Benintendi may not even last that long at Salem. The No. 7 overall choice in the 2015 Draft had a fabulous pro debut and is continuing to rake this spring, ranking among the Carolina League leaders in several offensive categories while batting .338/.395/.636 with 15 extra-base hits and nearly as many steals (four) as strikeouts (five) in 19 games. Benintendi and Moncada are two of the toolsiest players in the Minors, and while Boston doesn't want to rush them, they also need to be challenged.
The youngest of the trio and the third-youngest regular in the CL at 19, Devers could spend the entire season at Salem. He's struggling at .149/.269/.299 with 14 strikeouts in 18 games, and scuffled at the end of 2015 as well, so he needs time to make adjustments. Devers will still be way ahead of most players his age if he's in high Class A at the end of the year.
Joey's motivation for asking this question is that he's a fan of the Braves, who have a supplemental first-round choice at No. 40 and an early second-rounder at No. 44. (I know this because he sent me another tweet wondering if Atlanta might be able to get Miami catcher Zack Collins and Samford outfielder Heath Quinn with those selections.)

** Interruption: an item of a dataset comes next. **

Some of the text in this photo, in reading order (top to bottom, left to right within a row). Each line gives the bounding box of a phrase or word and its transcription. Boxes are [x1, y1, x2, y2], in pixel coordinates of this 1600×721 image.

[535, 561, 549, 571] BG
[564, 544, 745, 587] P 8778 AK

We discussed Lewis above, and I believe he's firmly in the Braves' mix at No. 3, but may not get there. Collins likely will go in the back half of the first round, so he won't be available at No. 40. The best-case possible power-hitter scenarios at Nos. 40 and 44 would be third basemen Will Craig (Wake Forest) and Drew Mendoza (Lake Minneolla High, Minneolla, Fla.), though they're probably going in the first round too. At that point, the best power picks for Atlanta would be Quinn, Menlo (Calif.) third baseman Lucas Erceg and Florida first baseman Peter Alonso, though they fit more in the latter half of the second round.
Mariners catcher Mike Zunino looked like a failed top-five pick. Now he's at Triple-A Tacoma and absolutely scorching the ball. Your thoughts? Is he likely to be the player we all expected him to be?
-- Michael G., Raleigh, N.C.
The No. 3 overall pick in the 2012 Draft behind Carlos Correa and Byron Buxton, Zunino got rushed to Seattle 11 months after he signed. He stayed with the Mariners for most of the next 2 1/2 seasons even though his numbers got progressively worse. This made for a prime illustration of how to try to ruin a prospect, and Zunino finished last year with career .193/.252/.353 numbers in 295 big league games.
Sent to Triple-A to regroup this year, Zunino currently leads the Pacific Coast League in all three Triple Crown categories (.413-7-22) as well as slugging percentage (.825). It's a small sample size, sure, but now that he's getting time to catch his breath, he's not chasing pitches out of the strike zone and looks more like the potential .260 hitter with 20-homer power the Mariners thought they were drafting. Couple that with his solid defense and Zunino still could develop into an All-Star.